Poetry Anyone?

swordtrainer

New member
Hey, I was wondering if anyone likes poetry like I do. I got a poem that I did for a school project published last year when I was 15 and that kinda got me into it. I write mostly dark or religious poems. So does anyone else write???
 

uberdark

New member
not necessarily in the sense of poetry, but more like prose, and such with short stories. i actually have enough done that i could get it published into a book. but i havent gotten the nerve up to get it looked at. hell it took me 6 months of lurking b4 i got onto this site. :D
 

freakinacage

Well-known member
there was a young man from devises,
who had balls of different sizes,
one was so small,
it was no ball at all
the other was big and won prizes!

tada


there was a young lady from ealing,
who claimed she had no sexual feeling
a young cynic named Boris
then touched....
anyway you get the idea. the answer from me would be a resounding \'no\'
 

Sand Rat

New member
Back in my college days I was a regular and co-host of a weekly Poetry Open Mike - does that count?
 

Gilvan Blight

New member
You know back in high school I was into it, wrote it, etc.

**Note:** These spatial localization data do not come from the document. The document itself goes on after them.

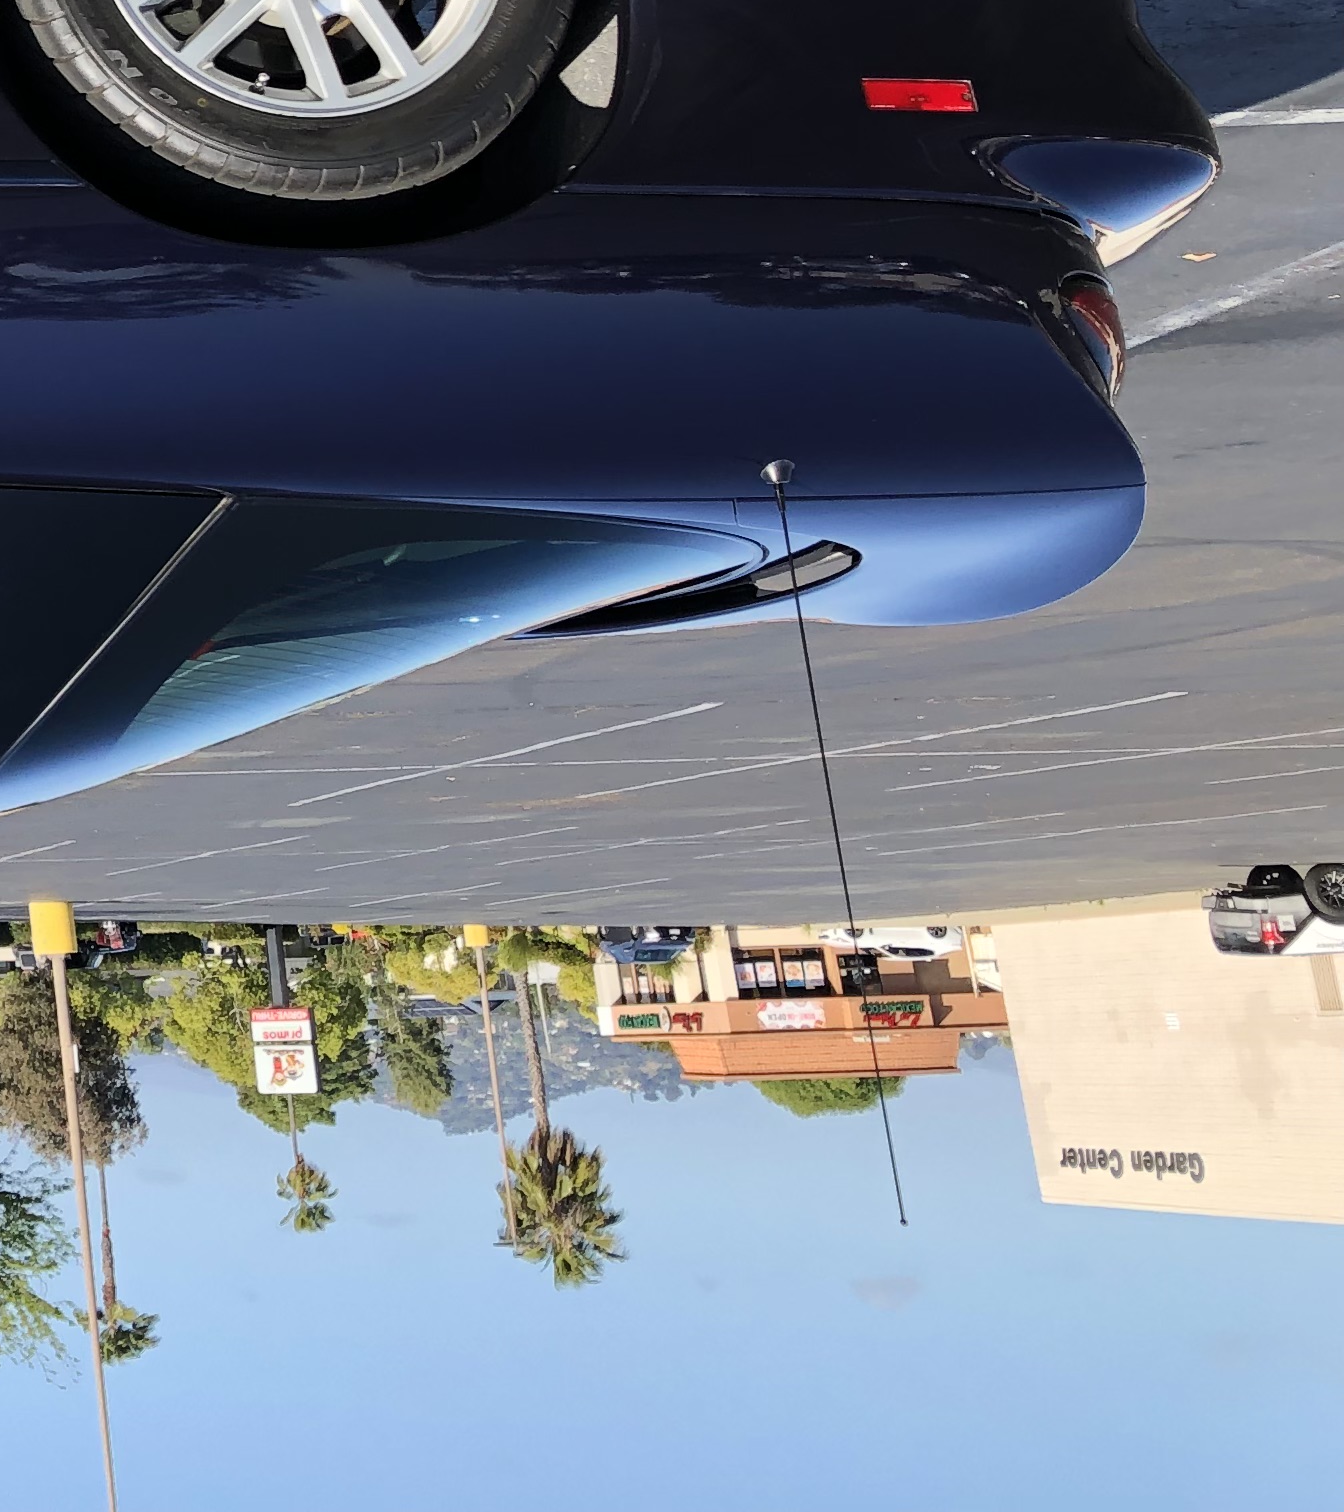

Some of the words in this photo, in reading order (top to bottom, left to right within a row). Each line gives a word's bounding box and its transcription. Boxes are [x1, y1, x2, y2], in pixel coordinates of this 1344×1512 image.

[263, 1026, 302, 1040] primos
[1060, 1148, 1123, 1179] Center
[1131, 1151, 1204, 1184] Garden
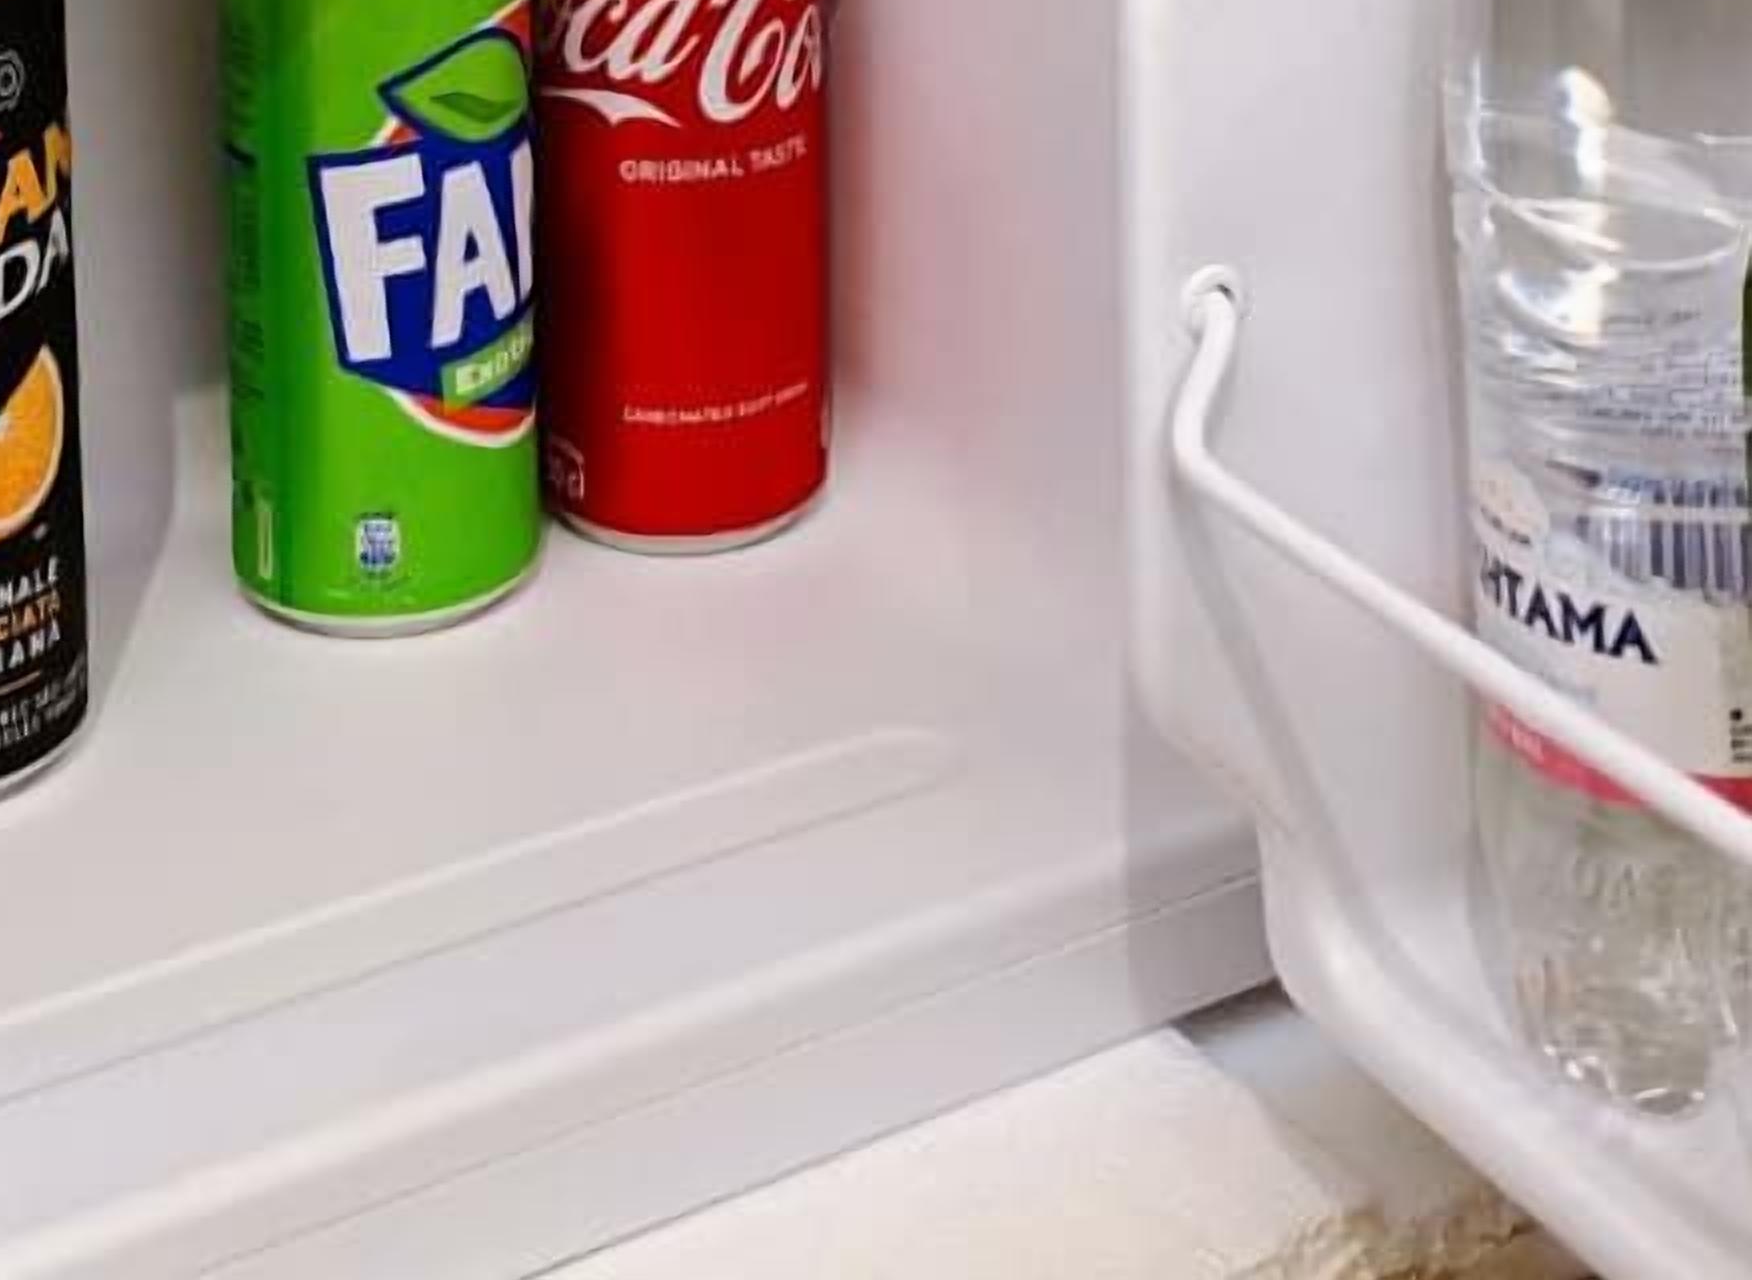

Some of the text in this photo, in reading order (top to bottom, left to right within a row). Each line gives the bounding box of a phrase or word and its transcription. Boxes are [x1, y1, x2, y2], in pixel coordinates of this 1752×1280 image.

[619, 134, 808, 183] ORIGINAL TASTE
[320, 138, 534, 363] FA

I don\'t think I have even considered it since. I think poetry goes with Teenage Angst and once the Angst is gone so is the love of poetry.

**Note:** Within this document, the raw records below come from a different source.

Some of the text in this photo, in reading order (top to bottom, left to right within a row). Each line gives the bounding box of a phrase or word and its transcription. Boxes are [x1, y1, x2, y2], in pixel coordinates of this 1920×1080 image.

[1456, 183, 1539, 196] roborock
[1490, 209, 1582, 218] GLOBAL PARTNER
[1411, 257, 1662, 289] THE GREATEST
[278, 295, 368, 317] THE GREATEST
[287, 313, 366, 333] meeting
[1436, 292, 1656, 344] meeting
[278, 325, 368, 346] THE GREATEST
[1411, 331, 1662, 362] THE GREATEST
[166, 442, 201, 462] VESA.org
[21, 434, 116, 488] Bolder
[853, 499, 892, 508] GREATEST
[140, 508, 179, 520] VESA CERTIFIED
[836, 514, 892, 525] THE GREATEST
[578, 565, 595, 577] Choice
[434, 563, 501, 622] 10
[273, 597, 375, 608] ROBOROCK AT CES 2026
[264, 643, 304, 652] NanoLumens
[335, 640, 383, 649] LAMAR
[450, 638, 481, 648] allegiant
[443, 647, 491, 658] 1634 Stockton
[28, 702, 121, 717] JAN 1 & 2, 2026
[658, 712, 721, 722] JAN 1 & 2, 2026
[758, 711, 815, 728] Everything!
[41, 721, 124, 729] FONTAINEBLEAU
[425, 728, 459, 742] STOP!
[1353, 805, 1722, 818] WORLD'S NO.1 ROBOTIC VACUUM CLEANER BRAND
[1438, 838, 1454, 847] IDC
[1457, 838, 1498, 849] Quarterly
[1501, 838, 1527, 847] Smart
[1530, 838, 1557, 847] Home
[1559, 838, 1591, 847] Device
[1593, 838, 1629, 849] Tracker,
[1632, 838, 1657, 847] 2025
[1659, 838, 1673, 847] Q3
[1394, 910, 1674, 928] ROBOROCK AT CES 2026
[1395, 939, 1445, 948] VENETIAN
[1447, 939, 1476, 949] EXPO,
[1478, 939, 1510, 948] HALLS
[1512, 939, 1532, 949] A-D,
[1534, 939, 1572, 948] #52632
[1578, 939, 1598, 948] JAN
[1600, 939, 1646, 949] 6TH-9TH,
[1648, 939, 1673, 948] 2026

I have to admit a fondess for a few poems though, like The Raven, Beowulf, the one where it repeats often \"Weary we hunting and fain would lie down\", and a few others. All classic stuff, nothing modern.

I remember aruging in highschool that music lyrics are the poetry of the 20th centry, and still kinda feel that way.
 

Dragonsreach

Super Moderator
Staff member
Originally posted by Gilvan Blight
I remember arguing in highschool that music lyrics are the poetry of the 20th centry, and still kinda feel that way.
That is so very true. Several Singer Songwriters of the 60\'s, 70\'s and 80\'s published their lyrics in poetry form.
You just have to take a look at the works of Joni Mitchell and Judi Collins to realise how accurate that statement is.
Msuic often allows the verse to be more open to understanding the rythym and cadence of the words.

As for \'mainstream\' poetry, over the years I\'ve enjoyed reading D.H.Laurence, Dylan Thomas, Auden, Yeats, Robert Frost, Omar Kayam and Shakespeare.
 

Sand Rat

New member
Originally posted by Gilvan Blight
You know back in high school I was into it, wrote it, etc. I don\'t think I have even considered it since. I think poetry goes with Teenage Angst and once the Angst is gone so is the love of poetry.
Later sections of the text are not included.